The Commission’s initial Notice was perhaps marginally adequate under the Administrative Procedure Act, 5 U.S.C. § 553 (1988). It stated that the Commission was “propos[ing] to amend its regulations to reflect the provisions of the [Decontrol] Act that decontrol gas prior to January 1, 1993.” 54 Fed.Reg. 51,902, 51,903/2 (1989). It also stated the Commission view that “[g]as subject to post-enactment contracts is also decontrolled.” Id. Moreover, it specifically noted the tax credit issue, id. at 51,903/3, which is of such concern to petitioners as producers of “tight formation” gas. Despite the silence on the specific question of temporarily released gas, parties on both sides of the issue, including one of the petitioners, submitted in-depth comments on the issue, though, to be sure, all but one of these were late-filed. See Joint Appendix at 147-48 (comments of Texas Gas Transmission Corp.); id. at 181-84 (comments of Marathon Oil Company); id. at 196-99 (comments of Columbia Gas Transmission Corp.); id. at 205-10 (Comments of Union Pacific Resources Company)-

The Commission is also somewhat assisted here by § 19 of the Natural Gas Act, 15 U.S.C. § 717r (1988), which requires persons seeking judicial review to apply first for rehearing before the Commission.

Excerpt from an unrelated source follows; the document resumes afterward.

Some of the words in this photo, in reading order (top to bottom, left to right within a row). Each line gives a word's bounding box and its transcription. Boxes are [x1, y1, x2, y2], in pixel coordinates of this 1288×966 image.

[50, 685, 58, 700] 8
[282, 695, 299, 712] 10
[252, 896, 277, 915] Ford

As a result, Commission decisions have a somewhat contingent character until rehearing applications are addressed or time-barred. While we do not suggest that the availability of rehearing under § 19 can justify a total failure to afford initial notice, it helps in a case of ambiguity or partial incompleteness. See Common Carrier Conference v. United States, 534 F.2d 981, 983 (D.C.Cir.1976) (noting agency consideration of issue on petition for reconsideration). We believe that the combination — a marginal initial notice, the fact that several affected parties (including a petitioner) spotted the issue, and the opportunity for further vetting of the issue in the rehearing application phase — is enough, if only barely so. “To remand would be an idle and useless formality.” NLRB v. Wyman-Gordon Co., 394 U.S. 759, 766 n. 6, 89 S.Ct. 1426, 1430 n. 6, 22 L.Ed.2d 709 (1969) (plurality opinion).

The petition for review is

Denied. 
      
      . A recent amendment to § 29 allows the credit for "tight formation” gas that is not subject to NGPA controls, but only as to gas produced after December 31, 1990. See below at pp. 256-257.
     
      
      . An explicit reference to expectations in the legislative history states that the bill "offers some protection to investors who committed capital to natural gas production under the expectation of continued price control.” S.Rep. No. 39, 101st Cong., 1st Sess. at 13 (1989) (emphasis added). The apparent focus on producers may be because contracts have commonly provided for escalation of prices to the highest applicable ceiling price (or to the highest "just and reasonable” rate, later construed to encompass NGPA ceilings, see, e.g., South Dakota Public Utilities Commission v. FERC, 934 F.2d 346 (D.C.Cir., 1991)). Thus price ceilings may give a producer a contract right to a higher price than it could otherwise secure under its sales contract. Compare FERC v. Martin Exploration Mgt. Co., 486 U.S. 204, 208, 108 S.Ct. 1765, 1768, 100 L.Ed.2d 238 (1988).
     
      
      .See note 2 above.
     
      
      . The parties have left us in the dark as to how much otherwise price-controlled "tight formation” gas is actually at stake here. Martin Exploration upheld the Commission’s decision that "new tight formation gas” (i.e. gas from tight formation wells drilled after enactment of the NGPA), see 18 CFR § 274.205(e)(1) (1990), was decontrolled, since that gas by definition qualifies for deregulated treatment. See Martin Exploration, 486 U.S. at 211-13, 108 S.Ct. at 1770-71. The only tight formation gas left subject to price controls is evidently "recompletion tight formation gas”. See id. § 274.205(e)(2); Deregulation and Other Pricing Changes on January 1, 1985, Under the Natural Gas Policy Act, 49 Fed. Reg. 46,874, 46,880 n. 18 (1984). In any event, by 1988 all price-controlled § 107 gas had evidently dwindled to less than one percent of total price-controlled gas sales. See Petitioners’ Statutory Addendum at 175 (submission of Energy Information Administration to House Subcommittee on Energy and Power).